▸ EXERCISE GOAL
Return every entry in the listing word for word.

=== MATERIALS PROVIDED ===

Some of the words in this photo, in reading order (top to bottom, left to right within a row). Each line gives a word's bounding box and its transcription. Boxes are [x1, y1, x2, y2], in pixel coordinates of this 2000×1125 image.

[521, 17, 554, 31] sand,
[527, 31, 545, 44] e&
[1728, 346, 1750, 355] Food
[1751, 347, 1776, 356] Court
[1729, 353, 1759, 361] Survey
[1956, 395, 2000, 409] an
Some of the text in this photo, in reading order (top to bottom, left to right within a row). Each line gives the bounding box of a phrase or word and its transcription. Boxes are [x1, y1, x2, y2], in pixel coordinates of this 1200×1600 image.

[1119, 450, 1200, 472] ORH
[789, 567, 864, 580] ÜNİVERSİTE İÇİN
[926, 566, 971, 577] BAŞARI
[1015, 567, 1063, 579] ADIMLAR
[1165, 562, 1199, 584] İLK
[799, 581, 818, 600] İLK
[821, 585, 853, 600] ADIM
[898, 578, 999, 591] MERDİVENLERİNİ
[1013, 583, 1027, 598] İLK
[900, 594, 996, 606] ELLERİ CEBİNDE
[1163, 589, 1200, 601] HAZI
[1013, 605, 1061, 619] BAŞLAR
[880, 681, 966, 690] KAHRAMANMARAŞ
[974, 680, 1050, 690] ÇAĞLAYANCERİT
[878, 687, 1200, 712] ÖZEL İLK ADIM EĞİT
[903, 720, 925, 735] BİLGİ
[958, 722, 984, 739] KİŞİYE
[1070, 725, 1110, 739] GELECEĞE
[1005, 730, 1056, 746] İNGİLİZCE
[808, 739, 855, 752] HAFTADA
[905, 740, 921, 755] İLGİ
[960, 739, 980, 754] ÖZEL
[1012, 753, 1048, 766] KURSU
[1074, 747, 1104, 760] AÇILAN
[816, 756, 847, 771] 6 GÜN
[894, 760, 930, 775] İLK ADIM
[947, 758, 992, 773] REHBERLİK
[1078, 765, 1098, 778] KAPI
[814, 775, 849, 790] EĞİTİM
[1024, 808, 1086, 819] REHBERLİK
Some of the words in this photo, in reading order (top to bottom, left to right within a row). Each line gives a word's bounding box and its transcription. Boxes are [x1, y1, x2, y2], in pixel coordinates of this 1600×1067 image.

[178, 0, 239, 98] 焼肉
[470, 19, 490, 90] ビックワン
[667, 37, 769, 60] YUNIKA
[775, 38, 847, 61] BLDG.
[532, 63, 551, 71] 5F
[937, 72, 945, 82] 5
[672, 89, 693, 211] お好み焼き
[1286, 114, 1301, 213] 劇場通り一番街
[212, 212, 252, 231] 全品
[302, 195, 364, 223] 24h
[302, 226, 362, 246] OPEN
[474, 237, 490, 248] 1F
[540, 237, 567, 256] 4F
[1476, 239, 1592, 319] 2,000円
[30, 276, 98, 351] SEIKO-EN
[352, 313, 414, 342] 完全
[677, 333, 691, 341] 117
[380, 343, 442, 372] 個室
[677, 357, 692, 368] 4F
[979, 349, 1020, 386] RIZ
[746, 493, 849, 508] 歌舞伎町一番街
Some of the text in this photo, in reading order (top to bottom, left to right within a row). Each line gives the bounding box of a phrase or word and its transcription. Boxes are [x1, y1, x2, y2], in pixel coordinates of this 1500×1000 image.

===

▸ REPLY TO THE EXERCISE
Some of the words in this photo, in reading order (top to bottom, left to right within a row). Each line gives a word's bounding box and its transcription. Boxes are [x1, y1, x2, y2], in pixel coordinates of this 2000×1125 image.

[521, 17, 554, 31] sand,
[527, 31, 545, 44] e&
[1728, 346, 1750, 355] Food
[1751, 347, 1776, 356] Court
[1729, 353, 1759, 361] Survey
[1956, 395, 2000, 409] an
Some of the text in this photo, in reading order (top to bottom, left to right within a row). Each line gives the bounding box of a phrase or word and its transcription. Boxes are [x1, y1, x2, y2], in pixel coordinates of this 1200×1600 image.

[1119, 450, 1200, 472] ORH
[789, 567, 864, 580] ÜNİVERSİTE İÇİN
[926, 566, 971, 577] BAŞARI
[1015, 567, 1063, 579] ADIMLAR
[1165, 562, 1199, 584] İLK
[799, 581, 818, 600] İLK
[821, 585, 853, 600] ADIM
[898, 578, 999, 591] MERDİVENLERİNİ
[1013, 583, 1027, 598] İLK
[900, 594, 996, 606] ELLERİ CEBİNDE
[1163, 589, 1200, 601] HAZI
[1013, 605, 1061, 619] BAŞLAR
[880, 681, 966, 690] KAHRAMANMARAŞ
[974, 680, 1050, 690] ÇAĞLAYANCERİT
[878, 687, 1200, 712] ÖZEL İLK ADIM EĞİT
[903, 720, 925, 735] BİLGİ
[958, 722, 984, 739] KİŞİYE
[1070, 725, 1110, 739] GELECEĞE
[1005, 730, 1056, 746] İNGİLİZCE
[808, 739, 855, 752] HAFTADA
[905, 740, 921, 755] İLGİ
[960, 739, 980, 754] ÖZEL
[1012, 753, 1048, 766] KURSU
[1074, 747, 1104, 760] AÇILAN
[816, 756, 847, 771] 6 GÜN
[894, 760, 930, 775] İLK ADIM
[947, 758, 992, 773] REHBERLİK
[1078, 765, 1098, 778] KAPI
[814, 775, 849, 790] EĞİTİM
[1024, 808, 1086, 819] REHBERLİK
Some of the words in this photo, in reading order (top to bottom, left to right within a row). Each line gives a word's bounding box and its transcription. Boxes are [x1, y1, x2, y2], in pixel coordinates of this 1600×1067 image.

[178, 0, 239, 98] 焼肉
[470, 19, 490, 90] ビックワン
[667, 37, 769, 60] YUNIKA
[775, 38, 847, 61] BLDG.
[532, 63, 551, 71] 5F
[937, 72, 945, 82] 5
[672, 89, 693, 211] お好み焼き
[1286, 114, 1301, 213] 劇場通り一番街
[212, 212, 252, 231] 全品
[302, 195, 364, 223] 24h
[302, 226, 362, 246] OPEN
[474, 237, 490, 248] 1F
[540, 237, 567, 256] 4F
[1476, 239, 1592, 319] 2,000円
[30, 276, 98, 351] SEIKO-EN
[352, 313, 414, 342] 完全
[677, 333, 691, 341] 117
[380, 343, 442, 372] 個室
[677, 357, 692, 368] 4F
[979, 349, 1020, 386] RIZ
[746, 493, 849, 508] 歌舞伎町一番街
Some of the text in this photo, in reading order (top to bottom, left to right within a row). Each line gives the bounding box of a phrase or word and its transcription. Boxes are [x1, y1, x2, y2], in pixel coordinates of this 1500×1000 image.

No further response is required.